The Mid-Atlantic Regional Coastal Ocean Observing System (MARCOOS) covers the coastal ocean from Massachusetts to North Carolina and brings together a group of 20 institutions representing academia, government, and industry led by Rutgers University. ASA is the lead partner for the Data Management and Communications (DMAC) group and is responsible for DMAC strategies as well as the specific integration of data for search and rescue operations.
Four technologies are being used for the actual “observing” or data collection: a network of automated coastal weather stations, satellite imagery, coastal ocean radar, and a fleet of undersea robotic vehicles. The weather network provides high resolution wind observations at the land-sea interface. Satellites provide a wide spectrum of ocean conditions, from surface temperature to biological activity. Coastal Ocean Radar provides real-time ocean surface conditions (current and wave height) that dictate the fate of objects or materials on the surface. Undersea robotic “gliders” provide a variety of subsurface data throughout the water column as they glide downwards and then upwards along a programmed pathway that may be hundreds of kilometers long.
These data streams are processed into a near real-time four-dimensional model of surface and subsurface ocean conditions. This allows much more accurate predictions of the track of major weather events like hurricanes and nor-easter storms; conditions affecting sea breezes, navigation, and rip-tides; and biological features like harmful algal blooms or distribution of shellfish larva.

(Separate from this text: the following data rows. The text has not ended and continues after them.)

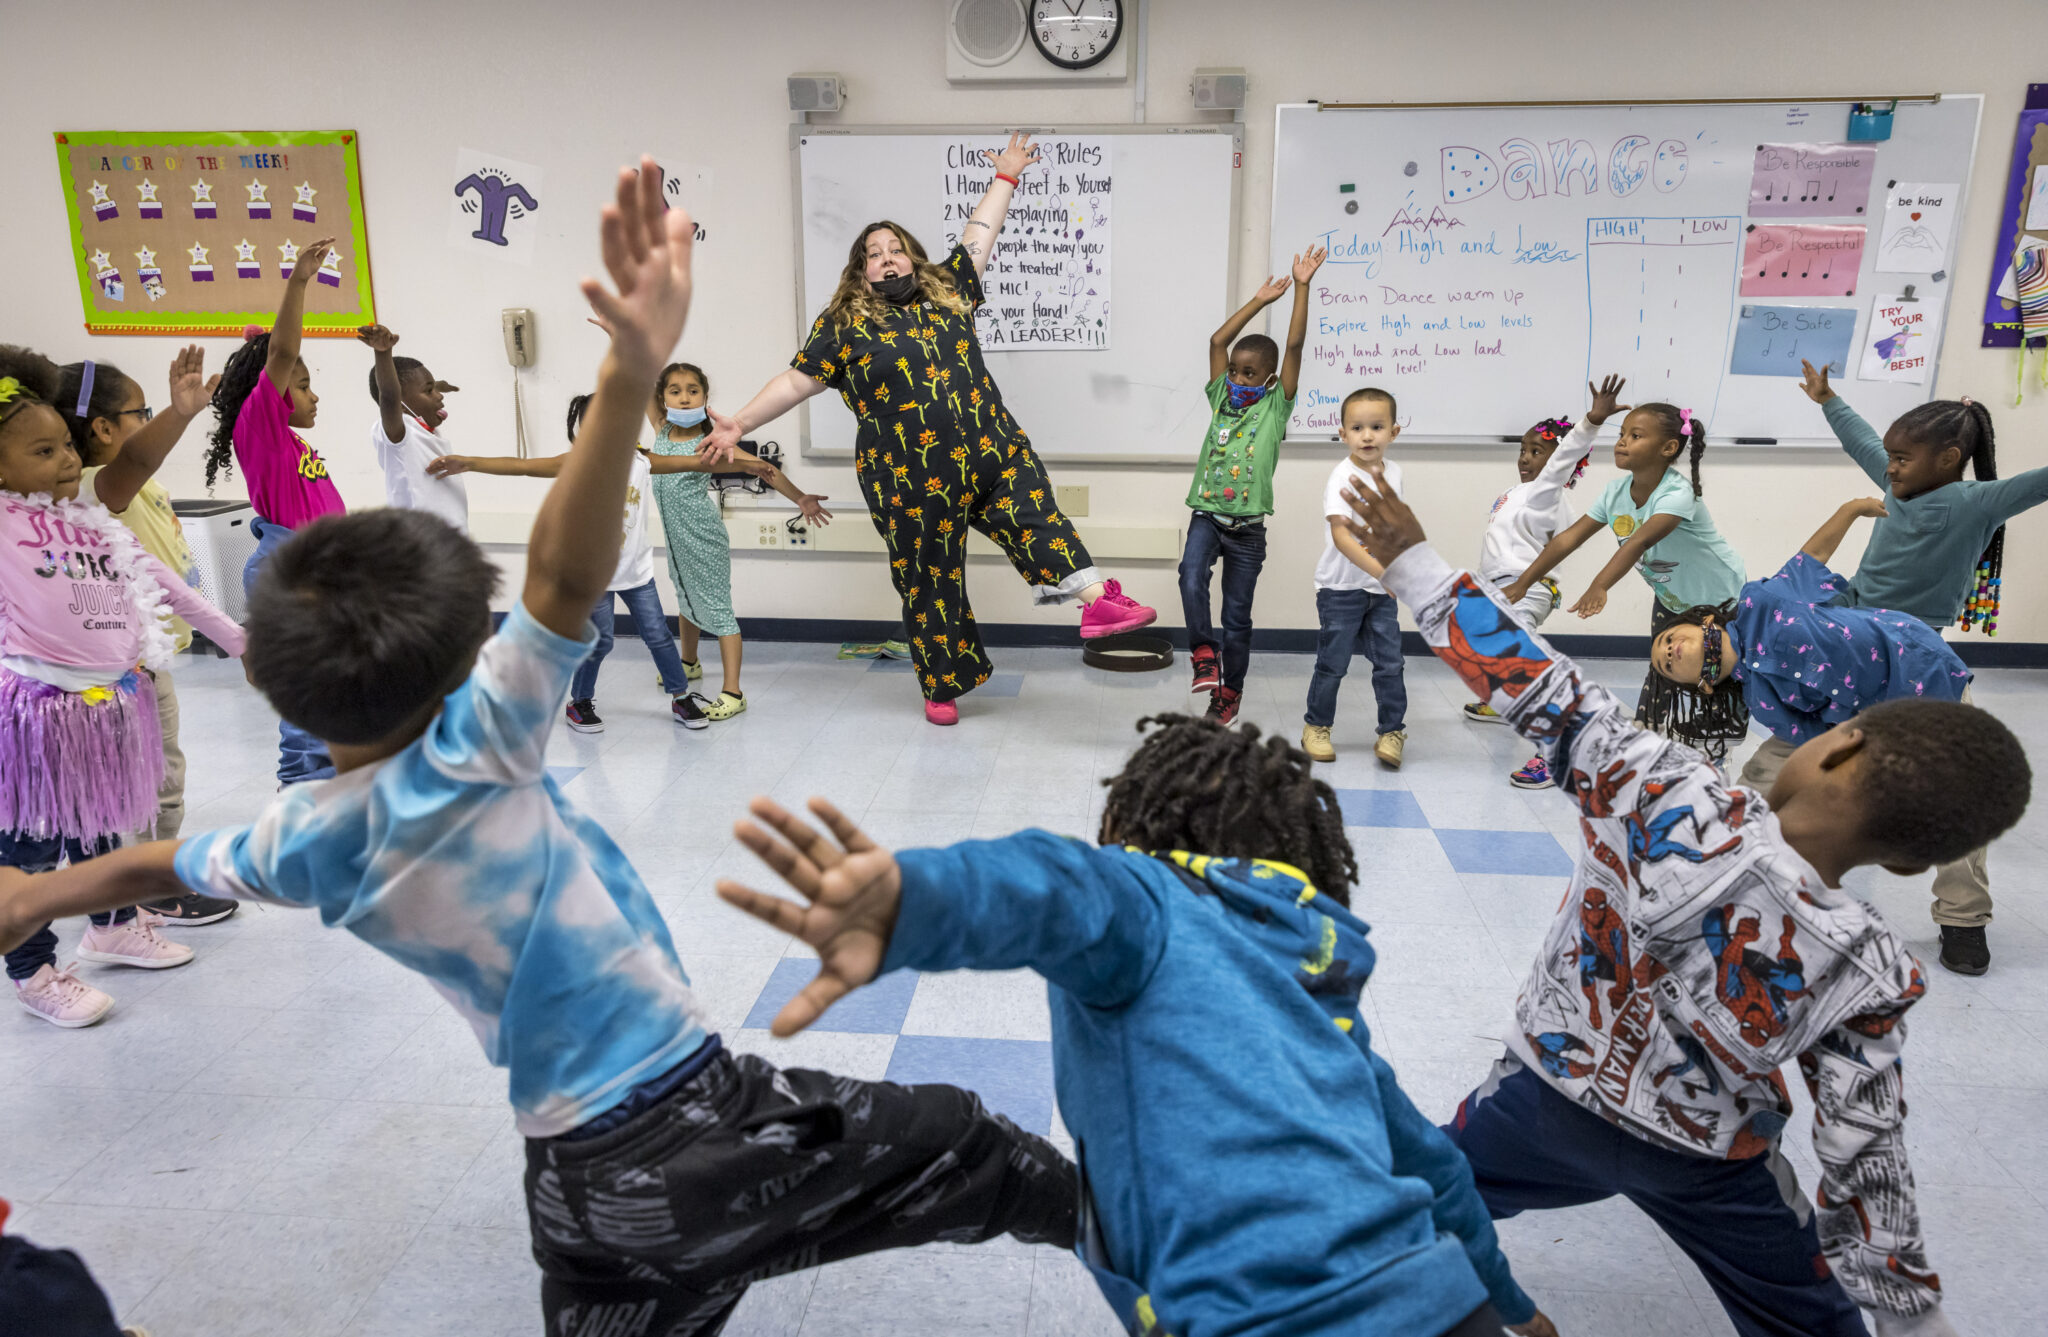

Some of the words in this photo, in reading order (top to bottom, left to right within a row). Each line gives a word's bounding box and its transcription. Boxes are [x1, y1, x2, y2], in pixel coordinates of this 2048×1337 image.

[1042, 31, 1049, 42] 8
[1101, 29, 1108, 39] 4
[1056, 46, 1061, 55] 7
[1071, 49, 1079, 60] 6
[1089, 45, 1096, 54] 5
[947, 143, 1041, 168] Classr
[1056, 141, 1102, 166] Rules
[1761, 149, 1790, 171] Be
[1795, 149, 1861, 173] Responsible
[1022, 172, 1050, 196] Feet
[1056, 175, 1070, 195] to
[1897, 195, 1913, 208] be
[1918, 195, 1943, 207] kind
[1006, 203, 1068, 231] seplaying
[1595, 221, 1639, 237] HIGH
[1692, 219, 1728, 234] LOW
[996, 239, 1029, 258] people
[1031, 240, 1049, 254] the
[1053, 243, 1076, 258] way
[1081, 243, 1104, 260] you
[1400, 229, 1445, 264] High
[1461, 230, 1503, 256] and
[1516, 224, 1558, 255] Low
[1758, 231, 1784, 254] Be
[1790, 230, 1861, 255] Respectful
[999, 261, 1014, 273] be
[1019, 261, 1063, 276] treated!
[1000, 280, 1029, 296] MIC!
[1317, 287, 1368, 306] Brain
[1378, 285, 1436, 306] Dance
[1448, 289, 1495, 302] warm
[1001, 307, 1026, 321] your
[1032, 303, 1068, 319] Hand!
[1762, 311, 1788, 331] Be
[1795, 312, 1832, 331] Safe
[1880, 306, 1904, 319] TRY
[1889, 313, 1924, 327] YOUR
[1319, 316, 1369, 337] Explore
[1381, 314, 1411, 337] High
[1423, 317, 1451, 330] and
[1459, 316, 1486, 330] Low
[1501, 313, 1533, 329] levels
[993, 328, 1005, 344] A
[1314, 345, 1344, 367] High
[1353, 343, 1383, 357] land
[1435, 343, 1460, 357] Low
[1474, 339, 1506, 357] land
[1359, 364, 1383, 377] new
[1890, 356, 1925, 371] BEST!
[1306, 388, 1340, 408] Show
[1307, 412, 1341, 429] Goodb
[34, 550, 120, 582] JUIC

The system is intended to augment emergency management, search and rescue, and pollution response efforts, as well as enhance management of natural resources through better prediction and management of energy consumption, fisheries stocks, beach and coastal sediments, and storm water.

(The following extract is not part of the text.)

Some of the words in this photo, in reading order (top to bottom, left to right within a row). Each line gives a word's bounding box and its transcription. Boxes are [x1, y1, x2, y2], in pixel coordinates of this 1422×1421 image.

NOAA is funding this three-year effort. In the first year, ASA is focusing on integration of meteorological data from Weatherflow’s observation network and surface currents from the extensive high-frequency radar network managed by Rutgers University and the Universities of Connecticut, Massachusetts, and Rhode Island. Forecast data from numerical models run at Rutgers, Stevens Institute, and UMass Dartmouth will be integrated in the second year and will provide high resolution forecast data for search and rescue operations and predicting the fate of oil and chemical spills.